(DATA FOR THIS EXERCISE)
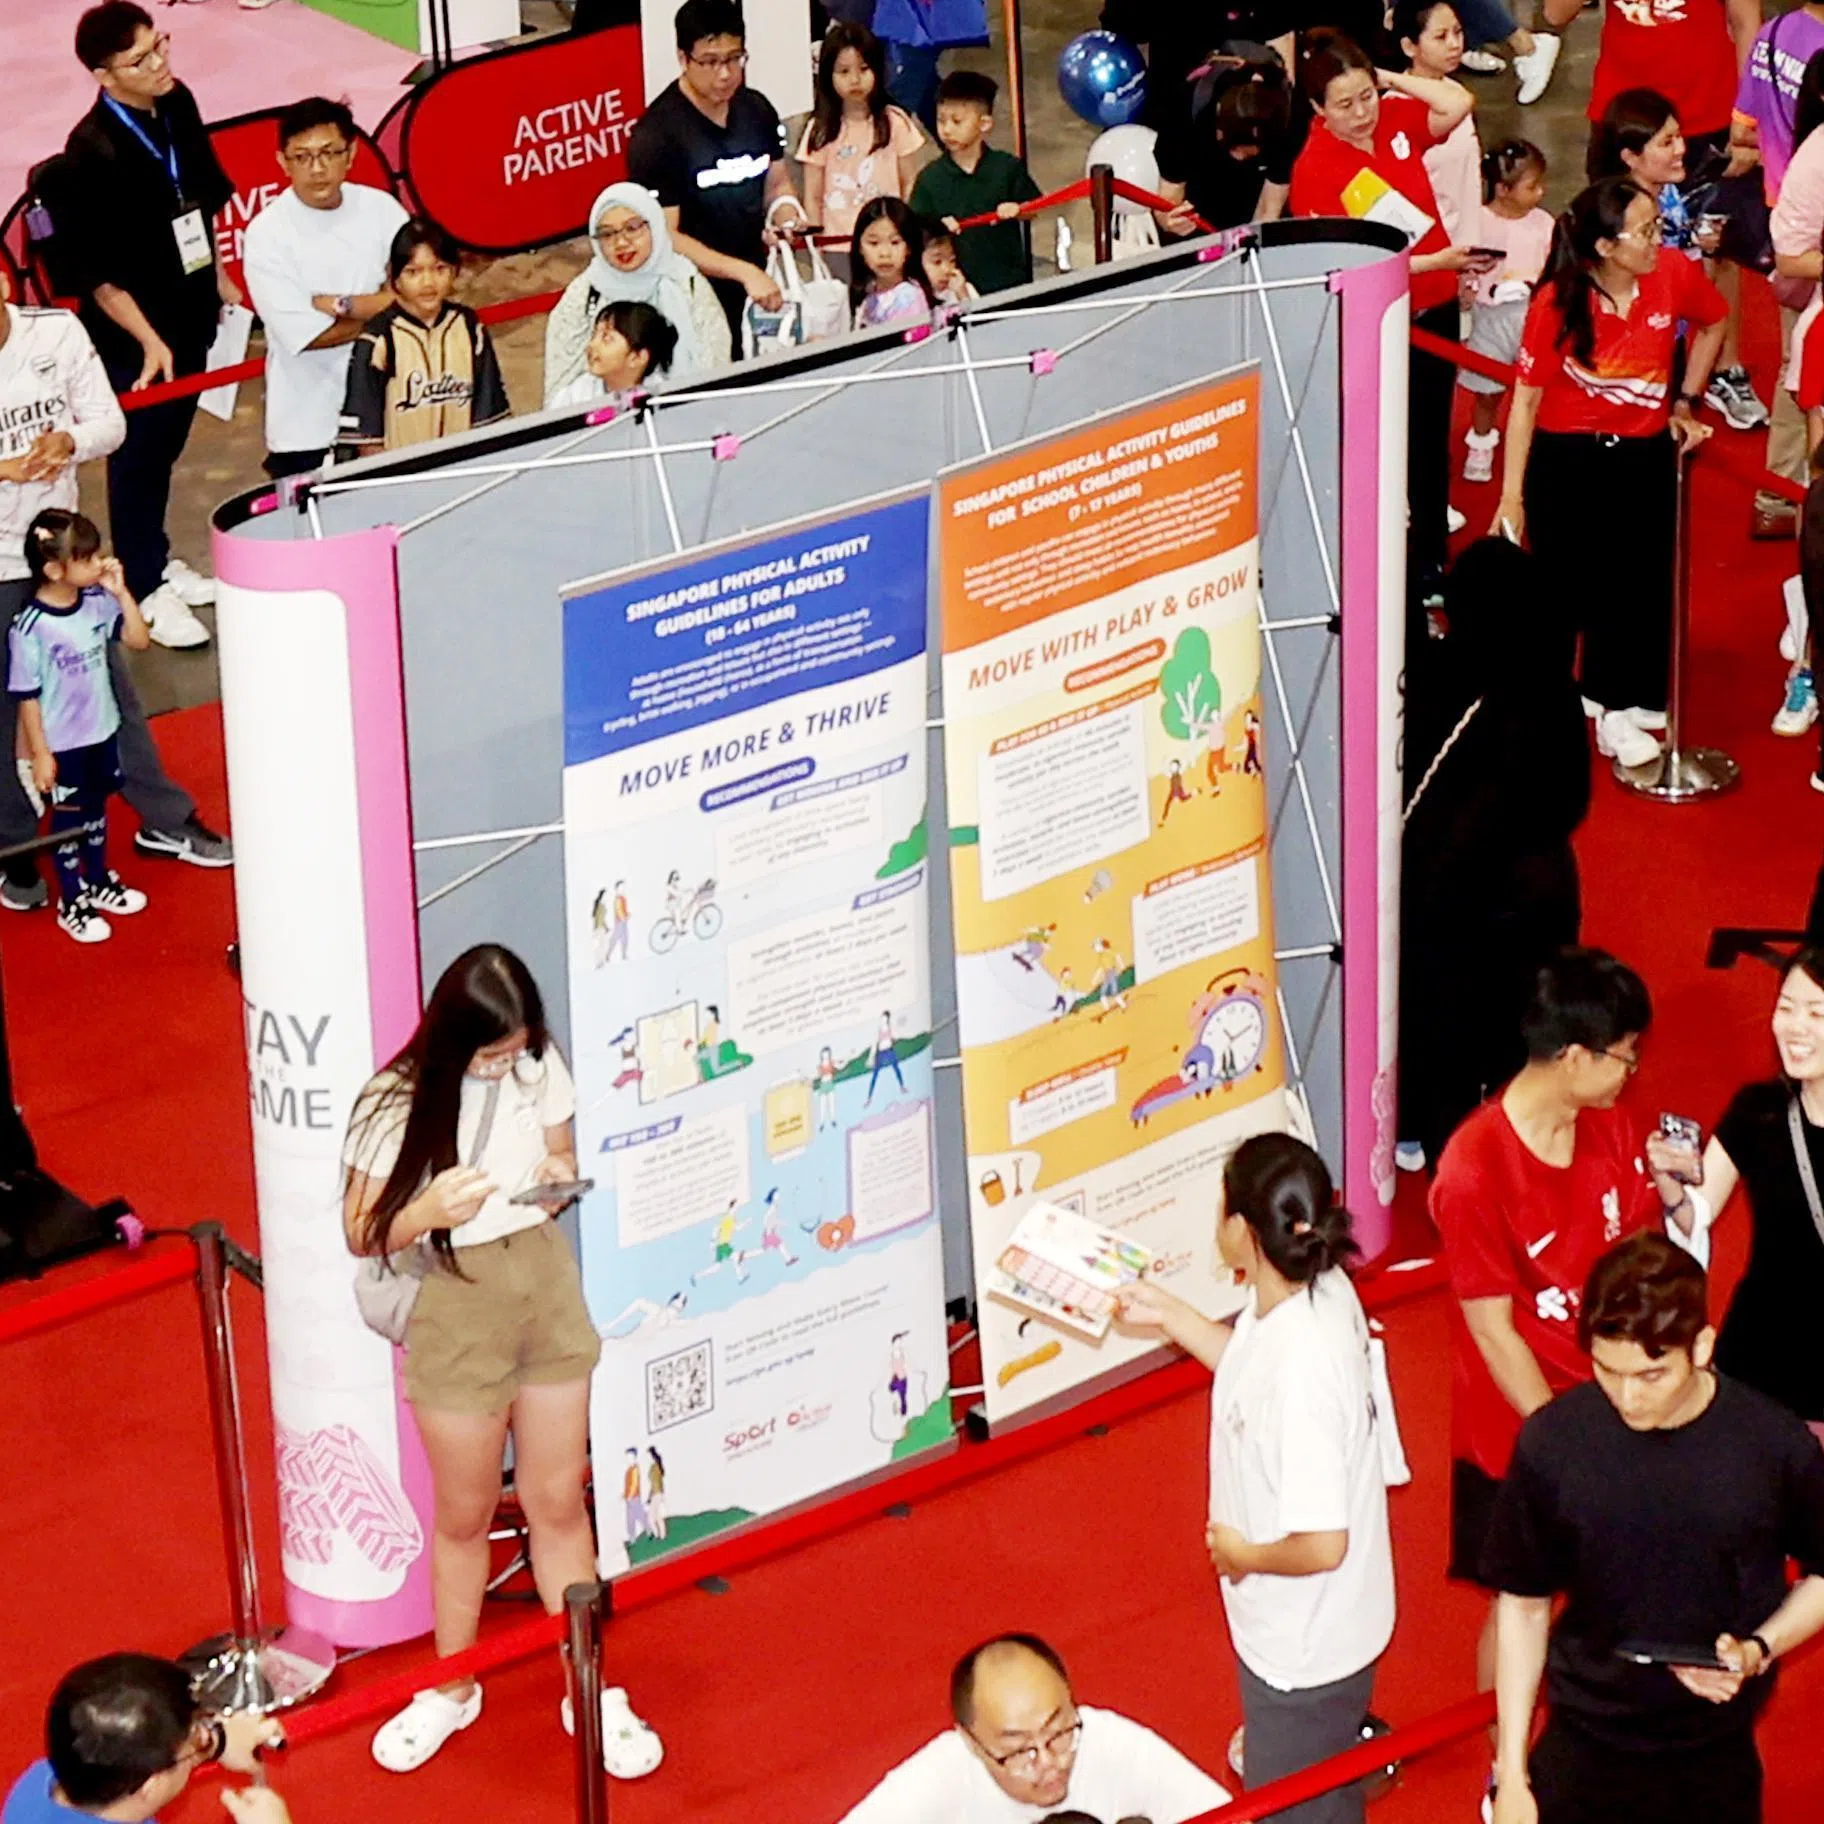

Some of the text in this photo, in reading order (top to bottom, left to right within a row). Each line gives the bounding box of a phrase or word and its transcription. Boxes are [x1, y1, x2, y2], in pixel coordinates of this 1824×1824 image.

[513, 88, 624, 150] ACTIVE
[953, 398, 1247, 518] SINGAPORE PHYSICAL ACTIVITY GUIDELINES
[987, 432, 1219, 530] FOR SCHOOL CHILDREN & YOUTHS
[1104, 482, 1143, 507] YEARS)
[626, 535, 871, 623] SINGAPORE PHYSICAL ACTIVITY
[655, 567, 846, 637] GUIDELINES FOR ADULTS
[705, 626, 726, 646] (18
[734, 618, 751, 635] 64
[751, 604, 797, 630] YEARS)
[968, 566, 1248, 691] MOVE WITH PLAY & GROW
[620, 690, 892, 797] MOVE MORE & THRIVE
[243, 994, 331, 1067] TAY

(WHAT YOU HAVE TO DO) Output each record above word for word, leaving out images.

(ANSWER BOX)
Some of the text in this photo, in reading order (top to bottom, left to right within a row). Each line gives the bounding box of a phrase or word and its transcription. Boxes are [x1, y1, x2, y2], in pixel coordinates of this 1824×1824 image.

[513, 88, 624, 150] ACTIVE
[953, 398, 1247, 518] SINGAPORE PHYSICAL ACTIVITY GUIDELINES
[987, 432, 1219, 530] FOR SCHOOL CHILDREN & YOUTHS
[1104, 482, 1143, 507] YEARS)
[626, 535, 871, 623] SINGAPORE PHYSICAL ACTIVITY
[655, 567, 846, 637] GUIDELINES FOR ADULTS
[705, 626, 726, 646] (18
[734, 618, 751, 635] 64
[751, 604, 797, 630] YEARS)
[968, 566, 1248, 691] MOVE WITH PLAY & GROW
[620, 690, 892, 797] MOVE MORE & THRIVE
[243, 994, 331, 1067] TAY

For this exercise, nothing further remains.